All I really knew was that it must be something I had particular knowledge of, to be commissioned to come so far at such a great expense. Or at least that was my understanding on the morning of my meeting with Gluckstein. I eagerly opened the folder and began reading the document on top, an autograph letter:

  Hartford. July 15. 1900

  Dear old Mark,

  Now you must know that I love you for I have let you alone a whole month—and more. And that for a man hunted from pillar to post by all creation as you are, is worthy to be credited as an act of grace and mercy. You are yourself to blame for waking me up now. Your midnight report of the dinner with the “Red Robin of London” was a sheer delight. Her mistaken conception of “what Americans all believe” deserved all the abuse you could muster, and I cannot criticize your befuddlement a bit (nor your irritation). I earnestly hope sometime to appear in person in a gathering of that illustrious clan somewhere, and to listen in rapt attention as you indicate to this robin the weaknesses of her views, and the misery with which you are forced to hear them. It would be a most memorable occasion.

  So you are to summer in England. After then, what? Will you be coming home to America, at long last?

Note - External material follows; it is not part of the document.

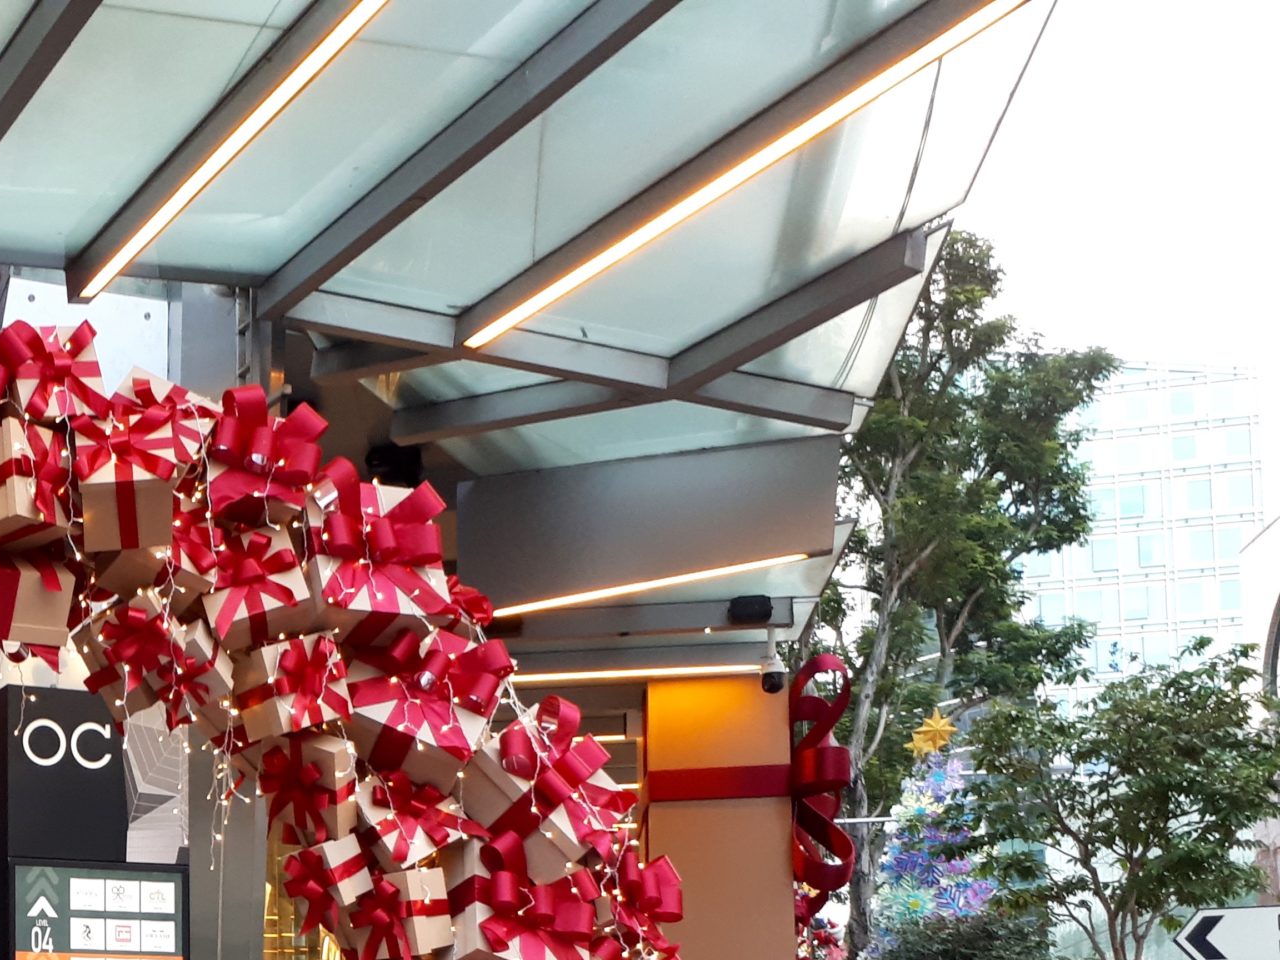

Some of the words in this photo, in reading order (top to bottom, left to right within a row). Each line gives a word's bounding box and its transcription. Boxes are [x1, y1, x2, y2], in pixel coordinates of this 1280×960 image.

[22, 718, 112, 769] OC
[35, 919, 49, 927] LEVEL
[31, 926, 54, 953] 04

  We are booked for the short-term at Judy’s new cottage on Long Island, near Easthampton. Part of us are already there and the rest are going in a few days… .

  I skipped ahead. The letter went on for several pages, and ended:

  With love to Livy and the girls,

  And yours affectionately, Joe

  I turned the next page to see the following:

  London

  August 3, 1900

  Dear Joe,

  I am raging this afternoon, having just read more news about the nonsense being rained down upon the poor Filipinos, all in the name of God, progress, civilization, and so on. Why it is that the Americans consider it their right to pontificate to the world how clearly they perceive the will of an inscrutable God, I cannot say—but they do so as regularly as the sun sets, and generally do it without a shameful second thought, or even the tiniest trace of a grin on their faces. Airing their smug pieties is one thing, but to do so in the service of exploiting the poor Filipinos—well, Joe, it’s an act of the Christian imagination that must make a solid man of the cloth like yourself blush in shame.